BEGIN Data

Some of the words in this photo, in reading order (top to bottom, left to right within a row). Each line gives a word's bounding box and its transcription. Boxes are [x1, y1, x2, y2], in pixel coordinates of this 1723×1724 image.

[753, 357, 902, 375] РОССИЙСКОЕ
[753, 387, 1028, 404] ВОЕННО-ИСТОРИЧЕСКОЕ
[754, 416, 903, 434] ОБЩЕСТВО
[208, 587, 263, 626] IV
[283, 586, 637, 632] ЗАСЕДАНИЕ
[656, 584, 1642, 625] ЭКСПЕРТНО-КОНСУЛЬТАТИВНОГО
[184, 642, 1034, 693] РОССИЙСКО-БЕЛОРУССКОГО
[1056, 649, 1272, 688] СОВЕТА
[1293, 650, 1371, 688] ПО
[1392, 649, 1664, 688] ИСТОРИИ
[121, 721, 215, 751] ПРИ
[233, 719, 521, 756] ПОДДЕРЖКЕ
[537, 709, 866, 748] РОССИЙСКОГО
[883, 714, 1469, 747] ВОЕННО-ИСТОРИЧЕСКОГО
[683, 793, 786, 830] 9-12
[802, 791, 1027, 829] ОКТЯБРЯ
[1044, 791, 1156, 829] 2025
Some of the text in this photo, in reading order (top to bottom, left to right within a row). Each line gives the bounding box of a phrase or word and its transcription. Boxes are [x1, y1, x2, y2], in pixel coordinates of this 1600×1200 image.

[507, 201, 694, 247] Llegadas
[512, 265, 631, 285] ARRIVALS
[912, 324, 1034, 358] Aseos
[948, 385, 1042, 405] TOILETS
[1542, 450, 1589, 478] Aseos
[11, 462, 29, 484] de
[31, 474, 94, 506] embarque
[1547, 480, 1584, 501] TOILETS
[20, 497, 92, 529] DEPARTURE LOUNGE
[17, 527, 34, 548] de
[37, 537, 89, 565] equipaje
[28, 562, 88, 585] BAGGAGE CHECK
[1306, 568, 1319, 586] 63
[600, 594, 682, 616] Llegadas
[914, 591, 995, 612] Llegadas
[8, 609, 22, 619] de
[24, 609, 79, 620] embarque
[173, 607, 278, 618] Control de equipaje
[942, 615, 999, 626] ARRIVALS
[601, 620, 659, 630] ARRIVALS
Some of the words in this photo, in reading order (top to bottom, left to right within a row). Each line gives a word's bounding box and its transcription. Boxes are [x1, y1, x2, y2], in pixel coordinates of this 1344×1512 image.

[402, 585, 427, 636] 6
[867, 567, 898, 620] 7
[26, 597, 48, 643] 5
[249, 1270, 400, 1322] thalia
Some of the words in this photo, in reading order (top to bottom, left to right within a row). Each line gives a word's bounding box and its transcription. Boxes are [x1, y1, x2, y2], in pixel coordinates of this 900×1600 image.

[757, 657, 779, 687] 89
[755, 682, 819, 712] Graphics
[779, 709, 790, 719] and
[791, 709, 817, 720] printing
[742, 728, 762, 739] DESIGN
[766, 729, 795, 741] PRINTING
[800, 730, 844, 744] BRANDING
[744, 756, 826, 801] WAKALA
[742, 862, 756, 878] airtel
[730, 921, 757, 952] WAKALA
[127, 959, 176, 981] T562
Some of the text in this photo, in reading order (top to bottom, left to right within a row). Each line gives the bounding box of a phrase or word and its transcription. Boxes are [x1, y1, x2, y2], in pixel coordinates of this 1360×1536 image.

END Data

Write the whole of the data out again exactly as it stands.

**Task solution:**
Some of the words in this photo, in reading order (top to bottom, left to right within a row). Each line gives a word's bounding box and its transcription. Boxes are [x1, y1, x2, y2], in pixel coordinates of this 1723×1724 image.

[753, 357, 902, 375] РОССИЙСКОЕ
[753, 387, 1028, 404] ВОЕННО-ИСТОРИЧЕСКОЕ
[754, 416, 903, 434] ОБЩЕСТВО
[208, 587, 263, 626] IV
[283, 586, 637, 632] ЗАСЕДАНИЕ
[656, 584, 1642, 625] ЭКСПЕРТНО-КОНСУЛЬТАТИВНОГО
[184, 642, 1034, 693] РОССИЙСКО-БЕЛОРУССКОГО
[1056, 649, 1272, 688] СОВЕТА
[1293, 650, 1371, 688] ПО
[1392, 649, 1664, 688] ИСТОРИИ
[121, 721, 215, 751] ПРИ
[233, 719, 521, 756] ПОДДЕРЖКЕ
[537, 709, 866, 748] РОССИЙСКОГО
[883, 714, 1469, 747] ВОЕННО-ИСТОРИЧЕСКОГО
[683, 793, 786, 830] 9-12
[802, 791, 1027, 829] ОКТЯБРЯ
[1044, 791, 1156, 829] 2025
Some of the text in this photo, in reading order (top to bottom, left to right within a row). Each line gives the bounding box of a phrase or word and its transcription. Boxes are [x1, y1, x2, y2], in pixel coordinates of this 1600×1200 image.

[507, 201, 694, 247] Llegadas
[512, 265, 631, 285] ARRIVALS
[912, 324, 1034, 358] Aseos
[948, 385, 1042, 405] TOILETS
[1542, 450, 1589, 478] Aseos
[11, 462, 29, 484] de
[31, 474, 94, 506] embarque
[1547, 480, 1584, 501] TOILETS
[20, 497, 92, 529] DEPARTURE LOUNGE
[17, 527, 34, 548] de
[37, 537, 89, 565] equipaje
[28, 562, 88, 585] BAGGAGE CHECK
[1306, 568, 1319, 586] 63
[600, 594, 682, 616] Llegadas
[914, 591, 995, 612] Llegadas
[8, 609, 22, 619] de
[24, 609, 79, 620] embarque
[173, 607, 278, 618] Control de equipaje
[942, 615, 999, 626] ARRIVALS
[601, 620, 659, 630] ARRIVALS
Some of the words in this photo, in reading order (top to bottom, left to right within a row). Each line gives a word's bounding box and its transcription. Boxes are [x1, y1, x2, y2], in pixel coordinates of this 1344×1512 image.

[402, 585, 427, 636] 6
[867, 567, 898, 620] 7
[26, 597, 48, 643] 5
[249, 1270, 400, 1322] thalia
Some of the words in this photo, in reading order (top to bottom, left to right within a row). Each line gives a word's bounding box and its transcription. Boxes are [x1, y1, x2, y2], in pixel coordinates of this 900×1600 image.

[757, 657, 779, 687] 89
[755, 682, 819, 712] Graphics
[779, 709, 790, 719] and
[791, 709, 817, 720] printing
[742, 728, 762, 739] DESIGN
[766, 729, 795, 741] PRINTING
[800, 730, 844, 744] BRANDING
[744, 756, 826, 801] WAKALA
[742, 862, 756, 878] airtel
[730, 921, 757, 952] WAKALA
[127, 959, 176, 981] T562
Some of the text in this photo, in reading order (top to bottom, left to right within a row). Each line gives the bounding box of a phrase or word and its transcription. Boxes are [x1, y1, x2, y2], in pixel coordinates of this 1360×1536 image.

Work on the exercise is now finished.